### REQUIRED ACTION
Please transcribe the listing that follows exactly; images are to be excluded.

### ENTRIES SUPPLIED

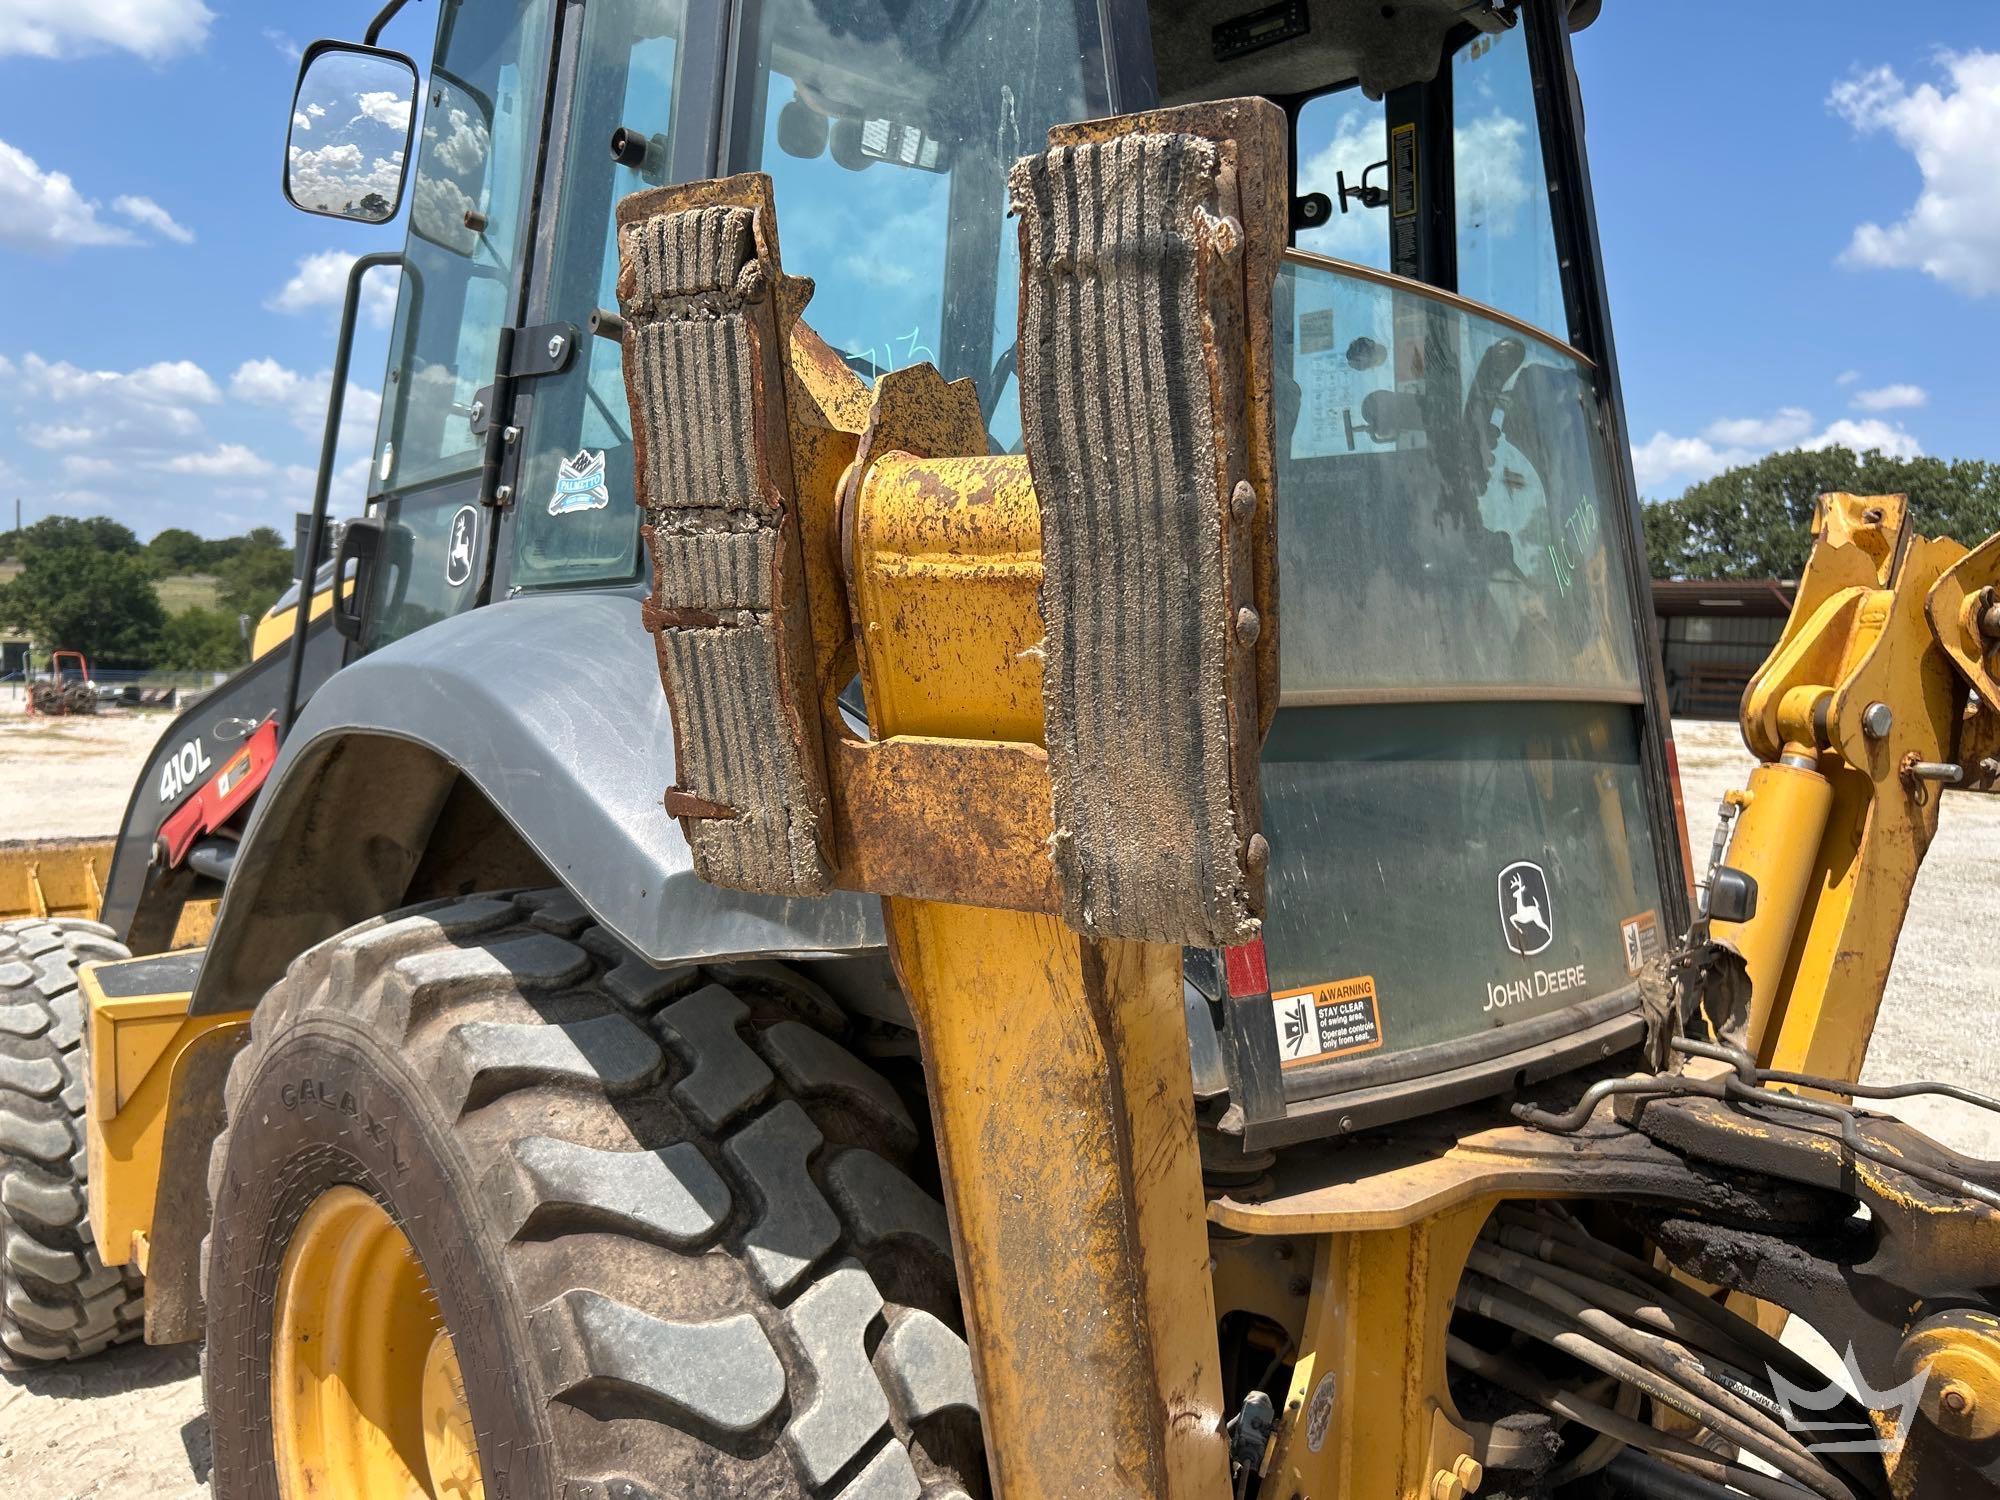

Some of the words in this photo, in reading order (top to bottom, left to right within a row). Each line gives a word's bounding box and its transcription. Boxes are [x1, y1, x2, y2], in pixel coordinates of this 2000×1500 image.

[160, 737, 212, 802] 410L
[1327, 982, 1371, 1000] WARNING
[1483, 978, 1533, 1012] JOHN
[1534, 964, 1586, 997] DEERE
[1319, 1006, 1338, 1018] STAY
[1340, 1001, 1364, 1014] CLEAR
[1320, 1018, 1327, 1027] of
[1328, 1015, 1347, 1026] swing
[1349, 1013, 1364, 1021] area.
[1322, 1028, 1347, 1040] Operate
[1348, 1022, 1374, 1034] controls
[1323, 1040, 1337, 1048] only
[1338, 1036, 1354, 1045] from
[1355, 1032, 1370, 1041] seat.
[281, 1078, 411, 1178] GALAXY
[1751, 1391, 1770, 1406] MPa
[1682, 1404, 1701, 1420] USA
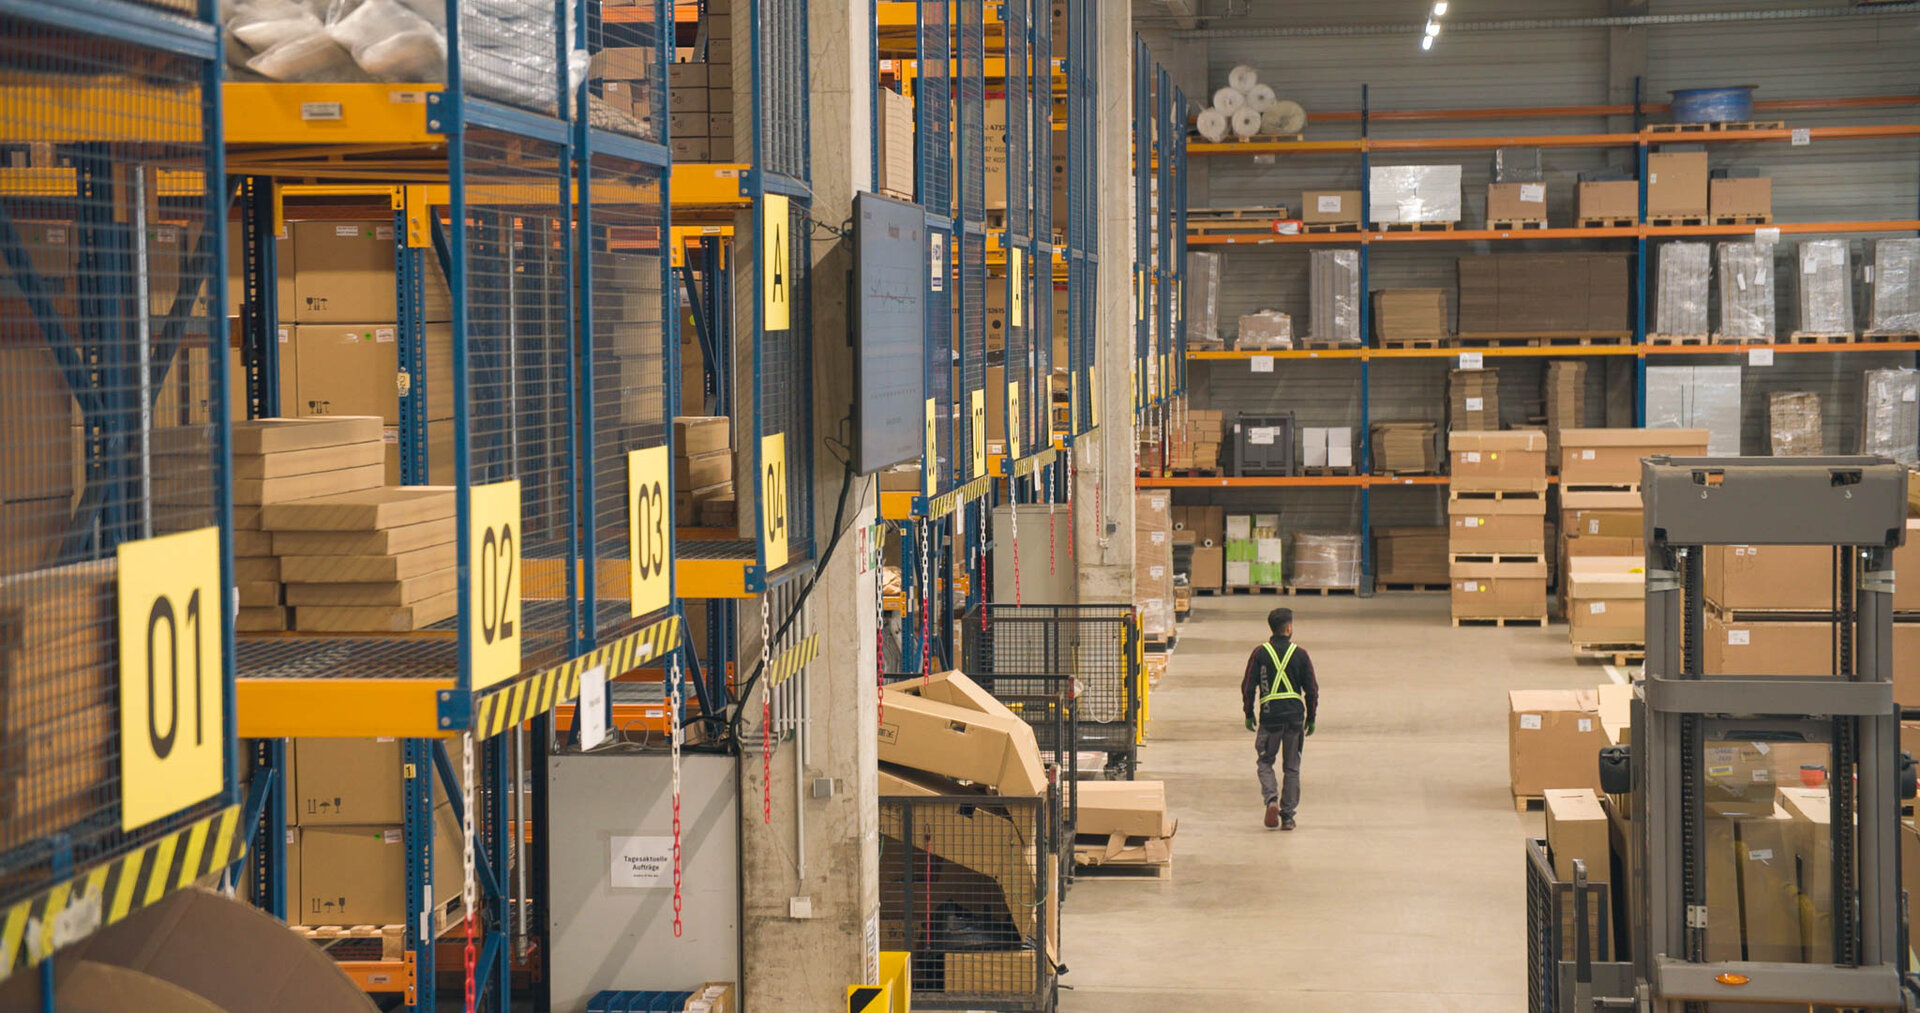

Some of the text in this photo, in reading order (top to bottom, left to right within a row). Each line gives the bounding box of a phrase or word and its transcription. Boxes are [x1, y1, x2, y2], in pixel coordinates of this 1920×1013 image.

[773, 224, 785, 303] A
[975, 408, 983, 459] 07
[639, 482, 663, 580] 03
[767, 461, 784, 543] 04
[482, 523, 513, 645] 02
[147, 588, 202, 760] 01
[624, 855, 668, 863] Tagesaktuelle
[632, 864, 659, 872] Aufträge
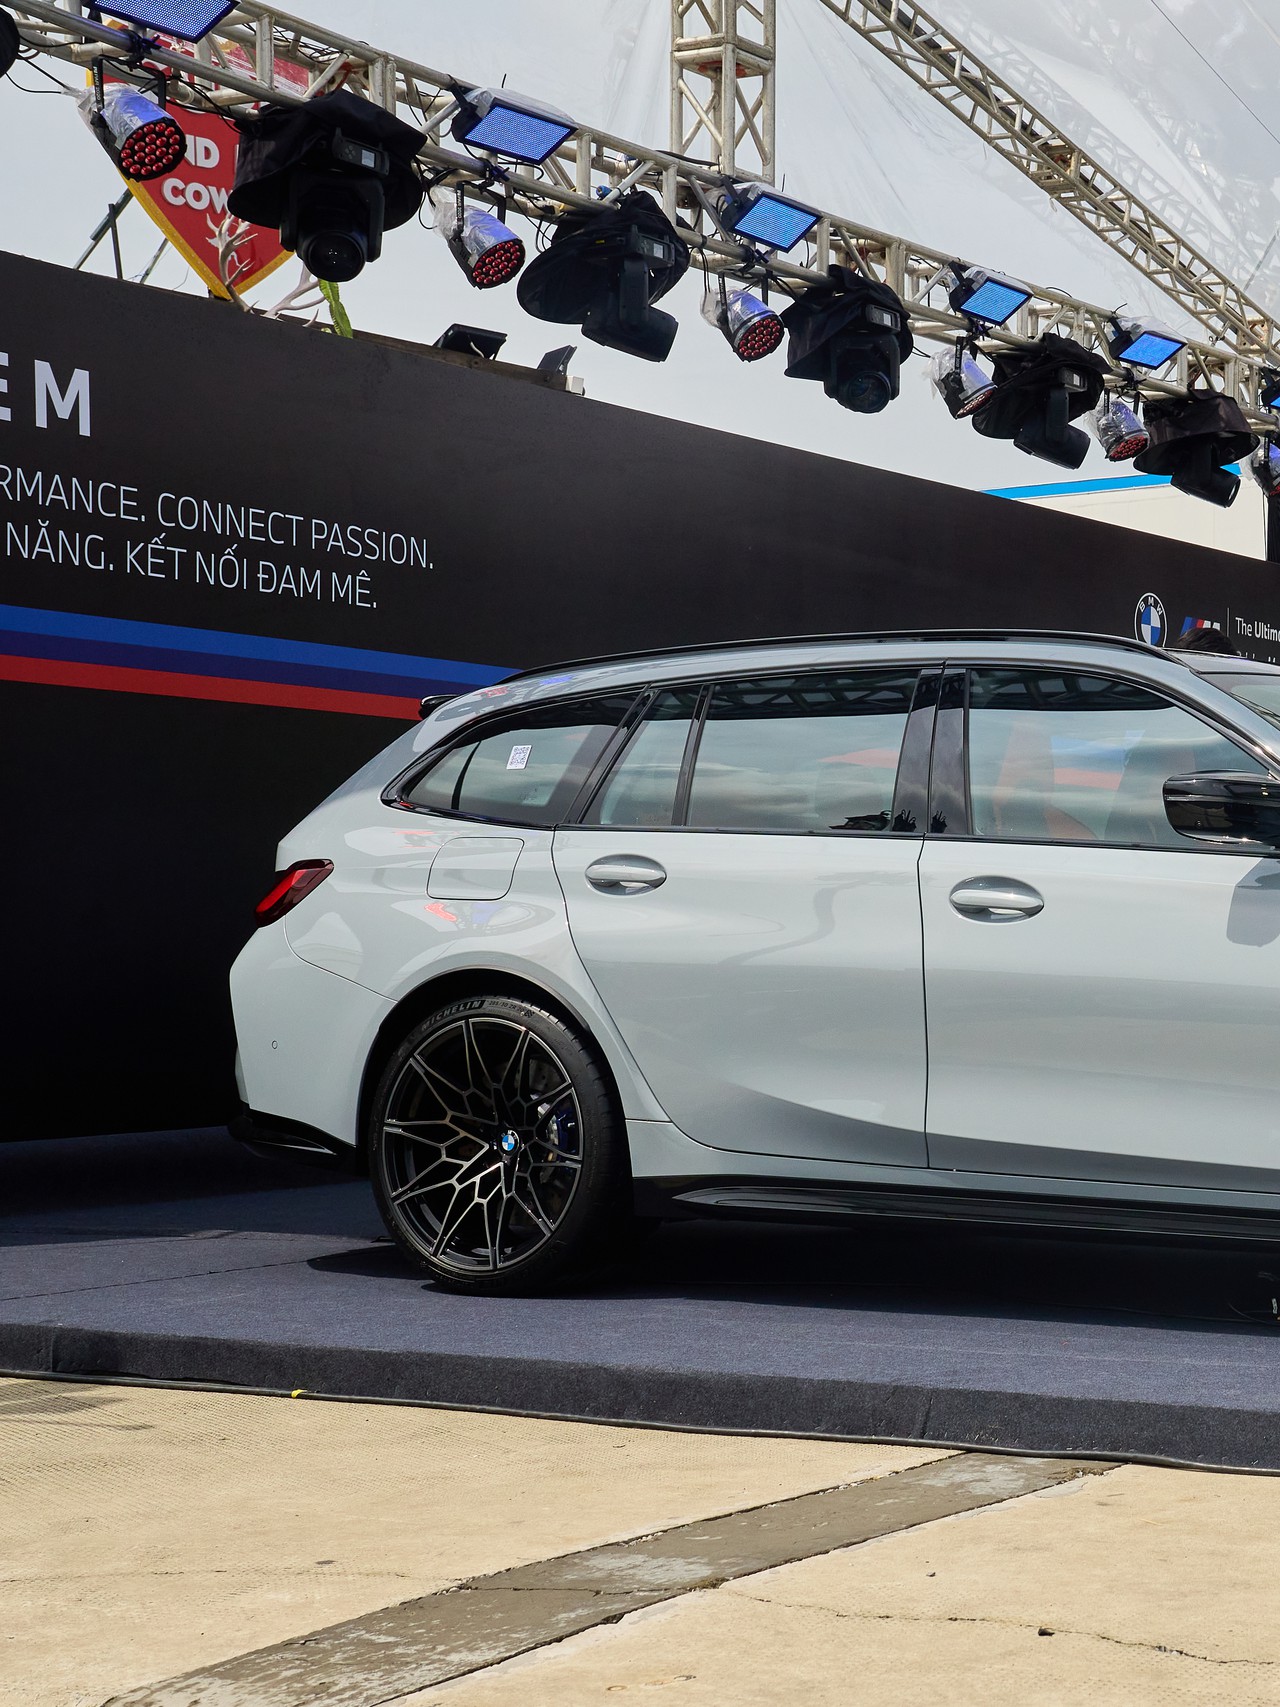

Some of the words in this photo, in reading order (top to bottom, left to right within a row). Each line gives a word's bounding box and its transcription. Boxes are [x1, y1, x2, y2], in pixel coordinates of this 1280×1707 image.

[157, 492, 304, 546] CONNECT
[311, 518, 434, 569] PASSION.
[6, 519, 114, 571] NĂNG.
[127, 532, 187, 580] KẾT
[196, 543, 248, 590] NỐI
[257, 561, 322, 600] ĐAM
[331, 569, 378, 609] MÊ.
[1139, 596, 1163, 616] BMW
[1235, 616, 1253, 637] The
[421, 1000, 482, 1031] MICHELIN
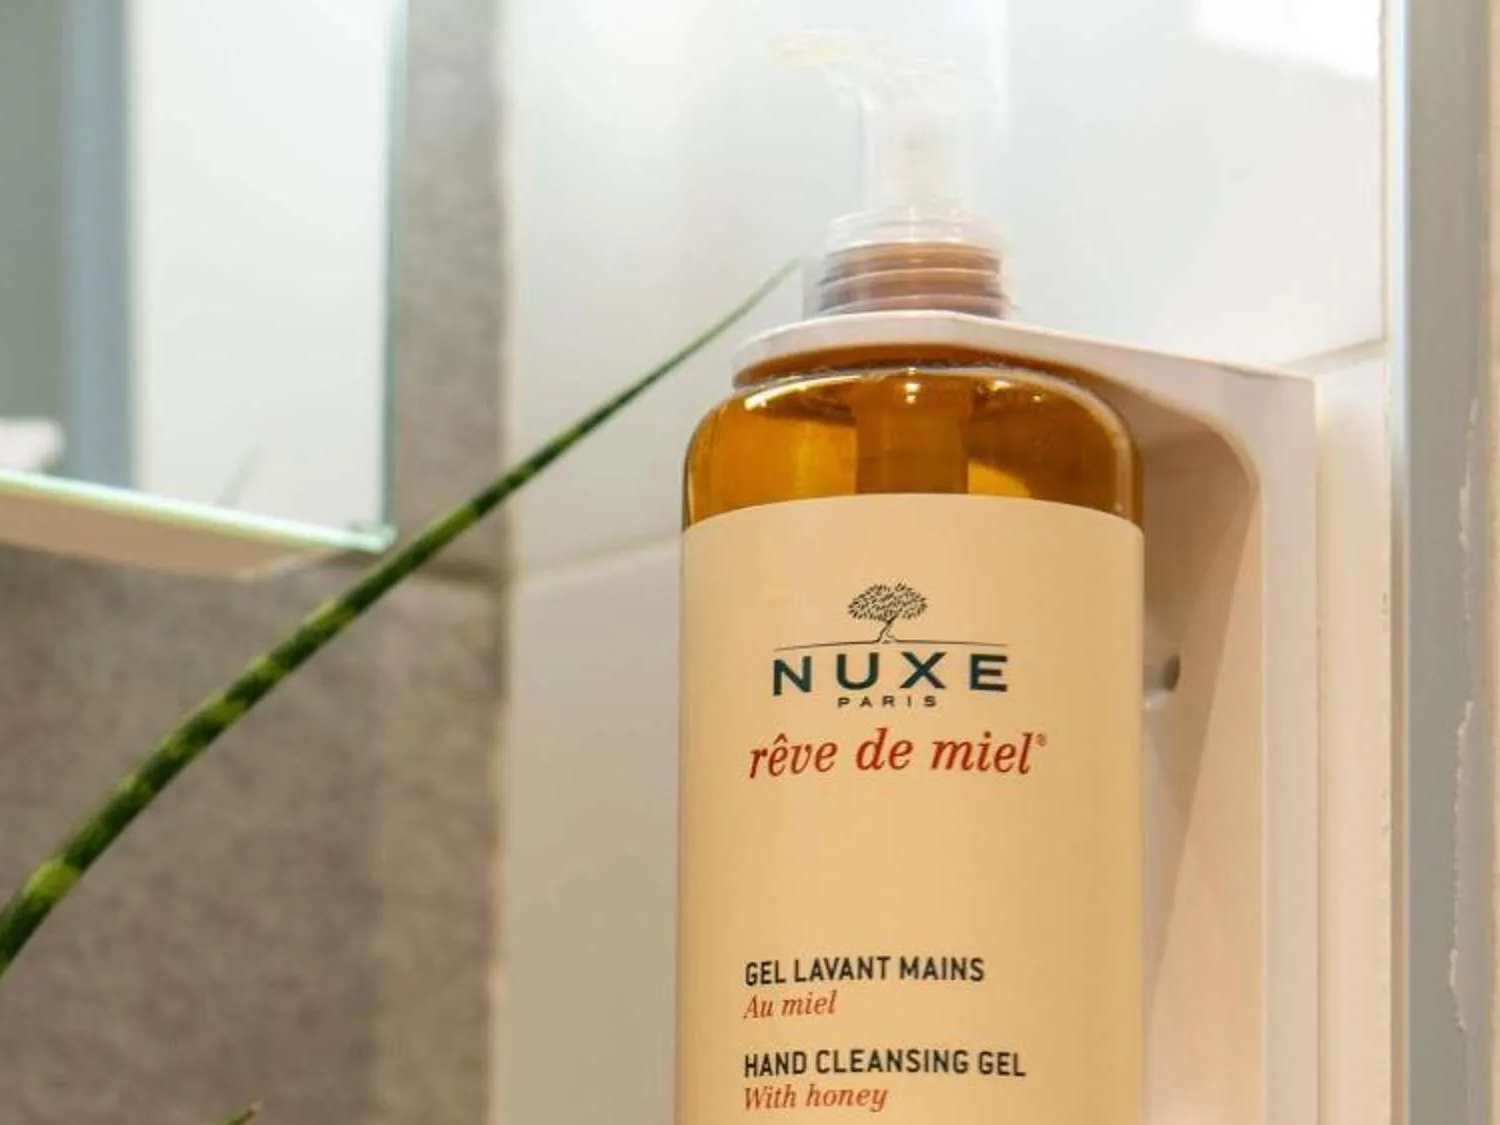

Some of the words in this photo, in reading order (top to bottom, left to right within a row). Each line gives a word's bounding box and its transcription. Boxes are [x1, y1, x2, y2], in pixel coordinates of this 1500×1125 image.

[772, 652, 1008, 696] NUXE
[838, 696, 936, 708] PARIS
[750, 733, 838, 779] rêve
[856, 728, 913, 770] de
[746, 960, 786, 986] GEL
[794, 956, 890, 982] LAVANT
[900, 957, 984, 982] MAINS
[744, 995, 773, 1019] Au
[782, 989, 837, 1016] miel
[745, 1051, 806, 1078] HAND
[816, 1049, 969, 1074] CLEANSING
[978, 1051, 1026, 1077] GEL
[745, 1084, 796, 1110] With
[806, 1083, 888, 1112] honey

### OUTPUT
Some of the words in this photo, in reading order (top to bottom, left to right within a row). Each line gives a word's bounding box and its transcription. Boxes are [x1, y1, x2, y2], in pixel coordinates of this 2000×1500 image.

[160, 737, 212, 802] 410L
[1327, 982, 1371, 1000] WARNING
[1483, 978, 1533, 1012] JOHN
[1534, 964, 1586, 997] DEERE
[1319, 1006, 1338, 1018] STAY
[1340, 1001, 1364, 1014] CLEAR
[1320, 1018, 1327, 1027] of
[1328, 1015, 1347, 1026] swing
[1349, 1013, 1364, 1021] area.
[1322, 1028, 1347, 1040] Operate
[1348, 1022, 1374, 1034] controls
[1323, 1040, 1337, 1048] only
[1338, 1036, 1354, 1045] from
[1355, 1032, 1370, 1041] seat.
[281, 1078, 411, 1178] GALAXY
[1751, 1391, 1770, 1406] MPa
[1682, 1404, 1701, 1420] USA

Some of the text in this photo, in reading order (top to bottom, left to right within a row). Each line gives the bounding box of a phrase or word and its transcription. Boxes are [x1, y1, x2, y2], in pixel coordinates of this 1920×1013 image.

[773, 224, 785, 303] A
[975, 408, 983, 459] 07
[639, 482, 663, 580] 03
[767, 461, 784, 543] 04
[482, 523, 513, 645] 02
[147, 588, 202, 760] 01
[624, 855, 668, 863] Tagesaktuelle
[632, 864, 659, 872] Aufträge

Some of the words in this photo, in reading order (top to bottom, left to right within a row). Each line gives a word's bounding box and its transcription. Boxes are [x1, y1, x2, y2], in pixel coordinates of this 1280×1707 image.

[157, 492, 304, 546] CONNECT
[311, 518, 434, 569] PASSION.
[6, 519, 114, 571] NĂNG.
[127, 532, 187, 580] KẾT
[196, 543, 248, 590] NỐI
[257, 561, 322, 600] ĐAM
[331, 569, 378, 609] MÊ.
[1139, 596, 1163, 616] BMW
[1235, 616, 1253, 637] The
[421, 1000, 482, 1031] MICHELIN

Some of the words in this photo, in reading order (top to bottom, left to right within a row). Each line gives a word's bounding box and its transcription. Boxes are [x1, y1, x2, y2], in pixel coordinates of this 1500×1125 image.

[772, 652, 1008, 696] NUXE
[838, 696, 936, 708] PARIS
[750, 733, 838, 779] rêve
[856, 728, 913, 770] de
[746, 960, 786, 986] GEL
[794, 956, 890, 982] LAVANT
[900, 957, 984, 982] MAINS
[744, 995, 773, 1019] Au
[782, 989, 837, 1016] miel
[745, 1051, 806, 1078] HAND
[816, 1049, 969, 1074] CLEANSING
[978, 1051, 1026, 1077] GEL
[745, 1084, 796, 1110] With
[806, 1083, 888, 1112] honey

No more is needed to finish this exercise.